U.S. Rep. Mike McCaul, chairman of the House Homeland Security Committee, said “most likely gun powder” was used in the devices.
Such improvised devices use readily available materials that cannot be easily traced. Al Qaeda in the Arabian Peninsula, in its English-language online magazine Inspire, noted such “ingredients are readily available” and they are “easily disposed of if the enemy searches your home.”
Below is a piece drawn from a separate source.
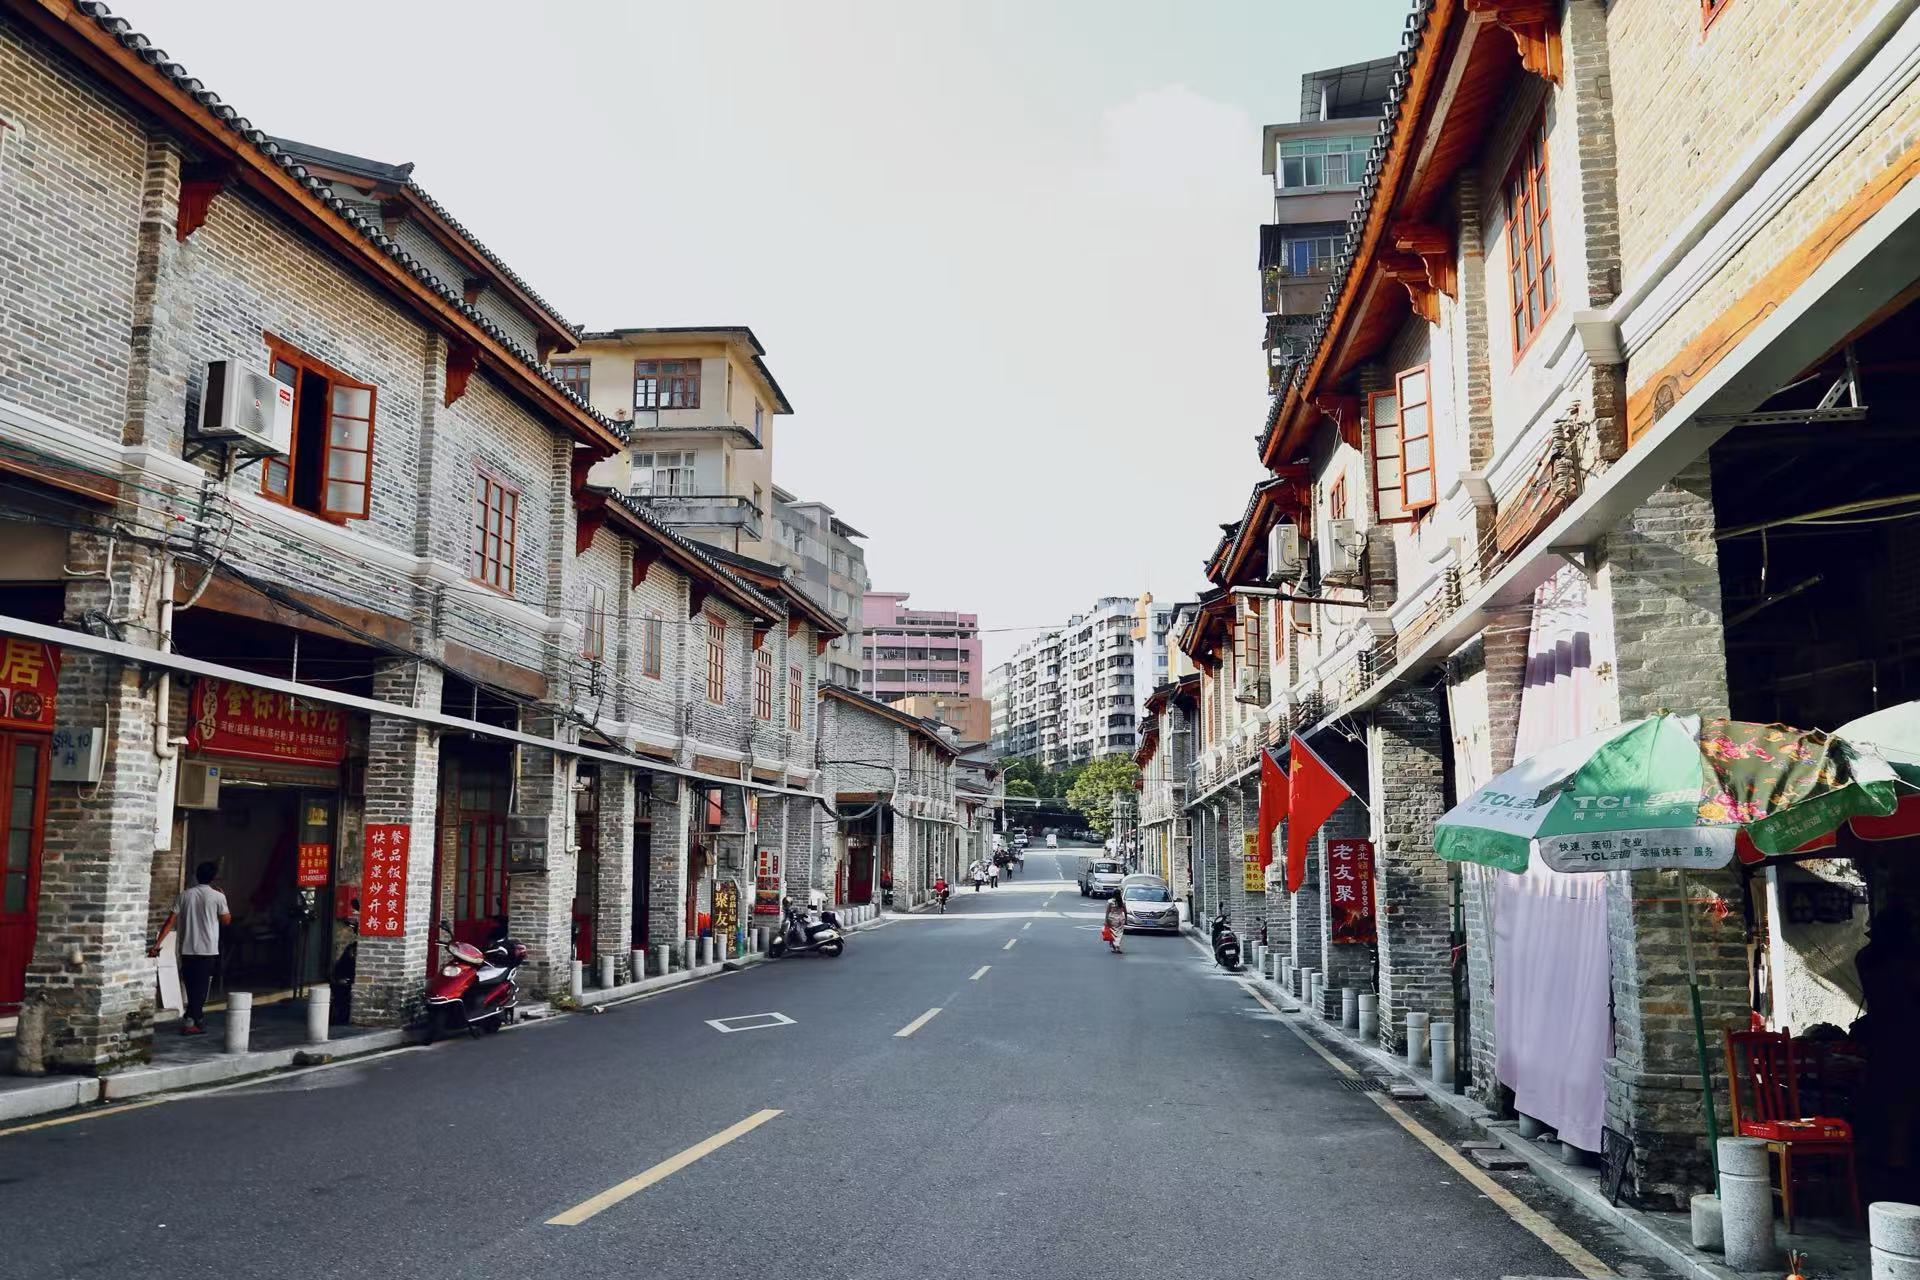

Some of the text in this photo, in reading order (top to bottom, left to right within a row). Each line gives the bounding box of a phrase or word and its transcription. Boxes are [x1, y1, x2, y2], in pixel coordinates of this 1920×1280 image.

[0, 638, 44, 687] 居
[1333, 844, 1355, 901] 老友聚
There is no evidence that AQAP or any of its supporters was involved in the Boston attack. Nor is it clear whether the attack was the work of one or more individuals. But AQAP has championed ‘do-it-yourself terrorism’ in the last three years, urging Muslims in the West to take action on their own.
“How to Make a Bomb in Your Mom’s Kitchen,” published in a 2010 edition of Inspire, has been downloaded by Islamist militants plotting terrorist attacks in both the United States and the U.K., according to counterterrorism officials.
Eight pages were devoted to building a basic but lethal device. The ingredients included sugar and a black powder made from match heads. Combining step-by-step instructions and diagrams, the magazine described wiring a “timed circuit as it is simple” and using small nails as shrapnel. It said gunpowder or powder from fireworks can be used as a substitute for match heads.
It continues: “It only works if contained in a high-pressure environment. So you may use iron pipes, pressure cookers, fire extinguishers or empty propane canisters … The pressure cooker is the most effective method.”
The U.S. Department of Homeland Security has issued several unclassified bulletins about the use of pressure cookers as part of an explosive device. In July 2010, the DHS said that while pressure cookers are common in countries such as Afghanistan, “the presence of a pressure cooker in an unusual location such as a building lobby or busy street corner should be treated as suspicious.”
Such a formula is certainly not unique to AQAP. Variations appear all over the Internet. A senior U.S. counterterrorism investigator told CNN that pressure cooker bombs have also been a signature of extreme right-wing individuals in the United States who he said tend to revel in building homemade bombs.
For example, the devices planted by Erich Rudolph at an Atlanta park during the 1996 Olympic Games were pipe bombs filled with gunpowder and nails to increase their lethality; it also had an alarm clock as a timing mechanism. Like the bombings in Boston, those devices were concealed in a backpack, according to a Department of Homeland Security report detailing the 1996 attack.
At least two previous terrorist plots on U.S. soil have involved variations on the Inspire recipe, and both involved “lone wolves.” Pakistani-American Faisal Shahzad tried to detonate a vehicle bomb in Times Square in 2010 that included “a pressure cooker containing approximately 120 firecrackers,” according to the 2010 DHS bulletin.
The indictment against another alleged “lone wolf” militant, Jose Pimentel, described a video “showing the defendant following precisely the instructions from the Inspire Magazine article by (i) scraping the heads from the matches and collecting the incendiary powder in a bowl; and (ii) connecting a Christmas tree light to the battery using wiring to create an ignition device.”
Pimentel was arrested by New York police in November 2011 and pleaded not guilty to state terrorism charges. He had not received training overseas, but Shahzad had received training from a bomb-maker with the Pakistani Taliban.
And exactly one year before Pimentel’s arrest, Taimur Abdulwahab al-Abdaly flew to Sweden from England. There he built a powerful but rudimentary bomb, using ingredients he was able to purchase locally: pressure cookers, fireworks, explosive chemicals, and nails and ball bearings. He too had received bomb-making training, not in Pakistan, like many others, but in Iraq.
Abdulwahab died when he tried to detonate a device in central Stockholm in December 2010.